One of her early students was Antwon Rose, a 17-year old who was shot dead by a police officer in 2018 while running away from an arrest. There is a plaque for him at the garden. On the day George Floyd was killed, she says, they didn’t work in the garden: “We sat at the tent and those kids expressed some of the most profound statements, emotions and feelings.” She was proud that some of them participated in the protests, though she did not.
“I'm not a protest person,” she says. “I’ve been protesting since 1964. If it was successful, we wouldn’t be where we’re at now. I’ve been a Black Panther, I’ve been in the Black Liberation Army. I have lived through Emmett Till being killed all the way up to George Floyd, and I don’t see any progress.” But she adds: “I did see participation by White folks that I never saw before. … It was uncanny how White people took to the streets and made their voices heard. And that’s what’s going to make the change. It’s not going to be a Black change. It’s going to be White people saying, ‘We’re tired of seeing what is being done to people because of the color of their skin and not the content of their character.’”
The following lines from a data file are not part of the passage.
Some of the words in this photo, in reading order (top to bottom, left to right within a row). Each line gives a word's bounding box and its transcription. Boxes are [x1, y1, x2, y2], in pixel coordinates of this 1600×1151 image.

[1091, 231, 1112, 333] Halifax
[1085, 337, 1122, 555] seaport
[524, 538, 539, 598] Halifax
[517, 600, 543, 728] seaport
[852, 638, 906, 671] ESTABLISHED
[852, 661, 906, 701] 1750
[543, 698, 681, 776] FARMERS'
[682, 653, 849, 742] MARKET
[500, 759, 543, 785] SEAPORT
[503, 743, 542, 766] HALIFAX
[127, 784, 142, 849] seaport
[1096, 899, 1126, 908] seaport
I had planned to meet former Philadelphia mayor Mike Nutter earlier in the week. But the day I arrived in town he called in a woozy state to say he was in the hospital with an appendicitis. When I caught up with him down the road, I asked him why the killing of George Floyd touched such a nerve with White people.
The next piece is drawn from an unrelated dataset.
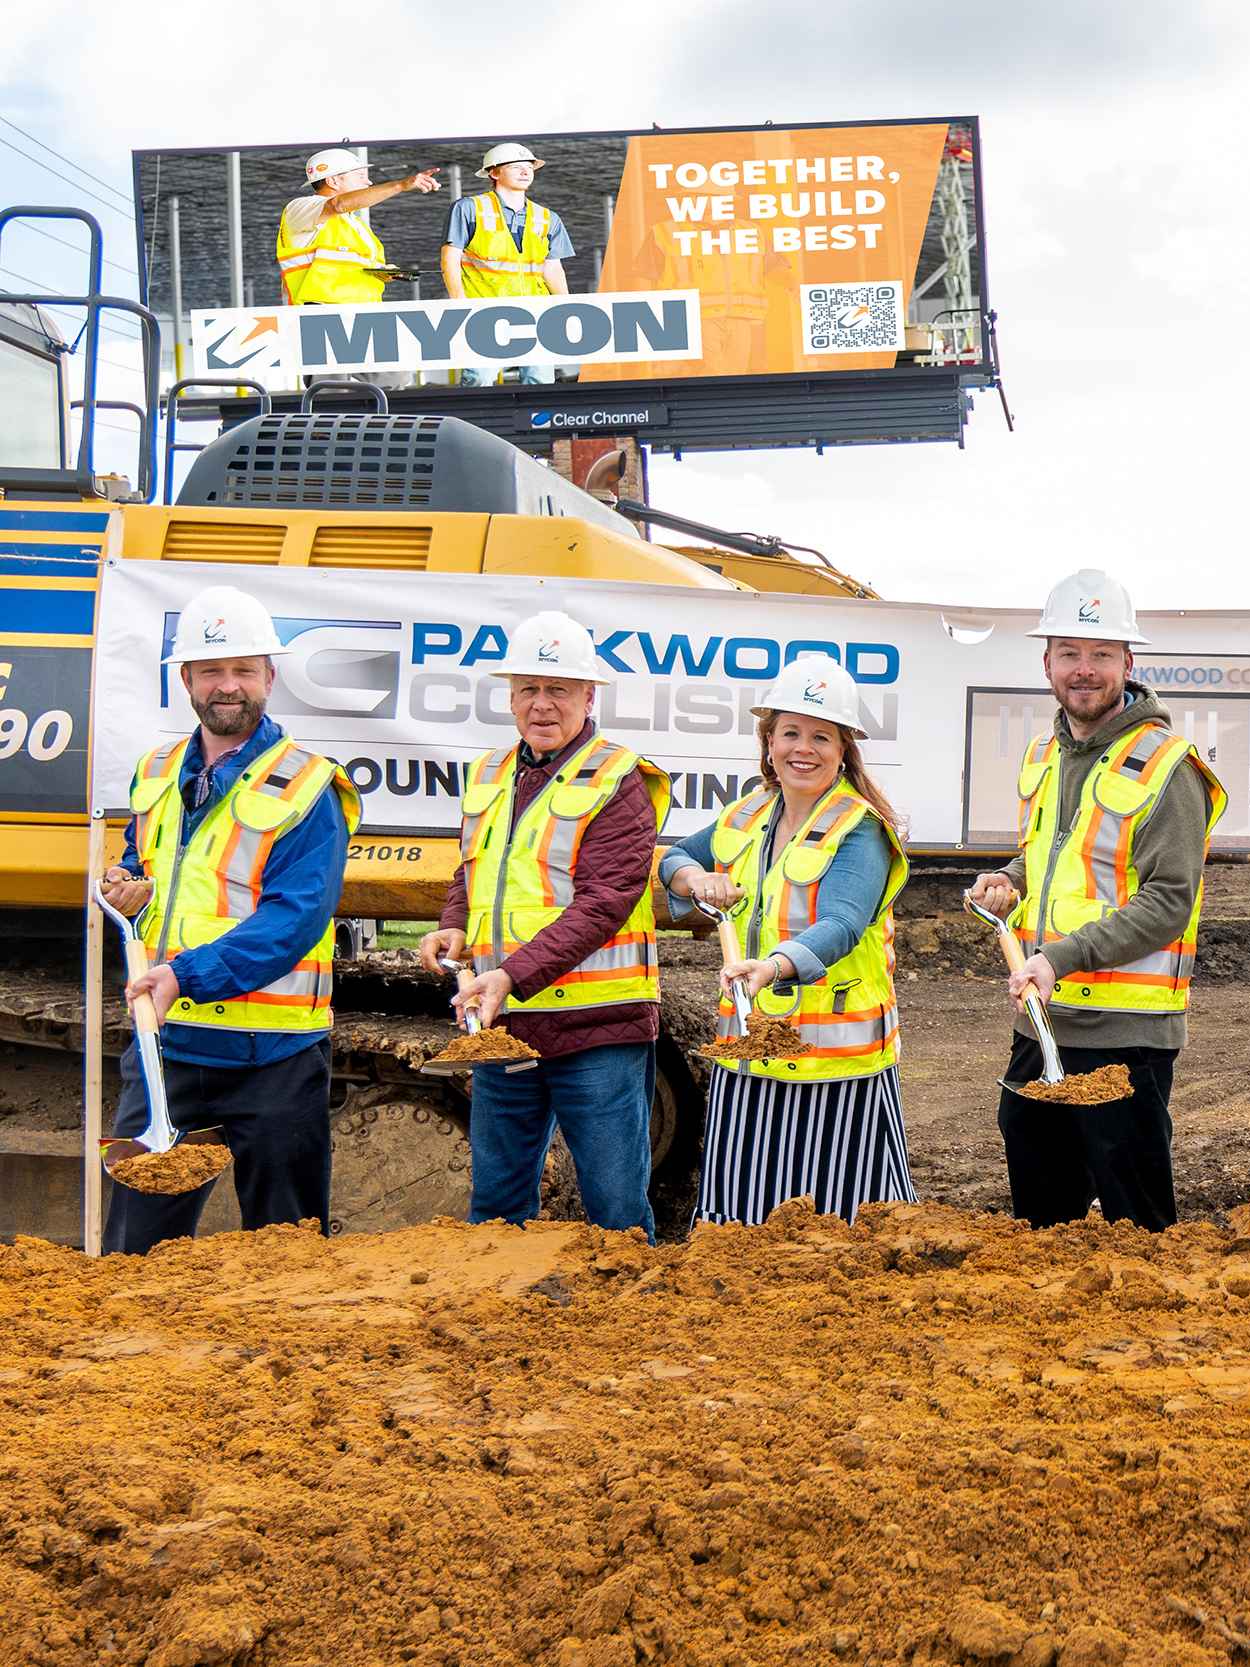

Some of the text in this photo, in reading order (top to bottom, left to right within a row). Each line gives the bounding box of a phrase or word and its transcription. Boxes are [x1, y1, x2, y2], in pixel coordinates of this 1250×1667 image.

“I just don’t know that many people have actually watched somebody die. It’s usually a gunshot or something like that — it’s usually rather quick, you don’t see it that closely. That was, I think for many Americans, especially White Americans, that was an incredible experience. And I think light bulbs started going off. Black people, we’ve been telling you about these things for literally hundreds of years, but somehow in that moment, it finally clicked.”
What took so long? He makes two related points.
First, the persistence of segregation in housing, education and employment matters. “The reality is, White people don’t have to be around Black people. Most Black people don’t have that option,” he says. “It’s just easier for many Whites to not have to pay attention or worry about what Black people are doing, or how Black people are affected in any way, shape or form. You see some stuff on TV and then, OK — that’s that.”
Second, he says, it can be difficult to discuss race. “Other than talking about money, there’s possibly nothing more uncomfortable than talking about race and race relations,” he says. “I think for many White people, it’s, ‘I didn’t do it. I wasn't involved.’ And for Black people it’s like, ‘What the F? But you benefit from the privilege.’ And a lot of White people think, ‘Well okay, but we got laws now.’ But that doesn’t stop the guy from making a different decision about the mortgage application, or the job hiring.” He adds, “A lot of White people don’t even want to believe that these things still go on … that there are things still in place that impede the ability of a certain group of folks to move forward.”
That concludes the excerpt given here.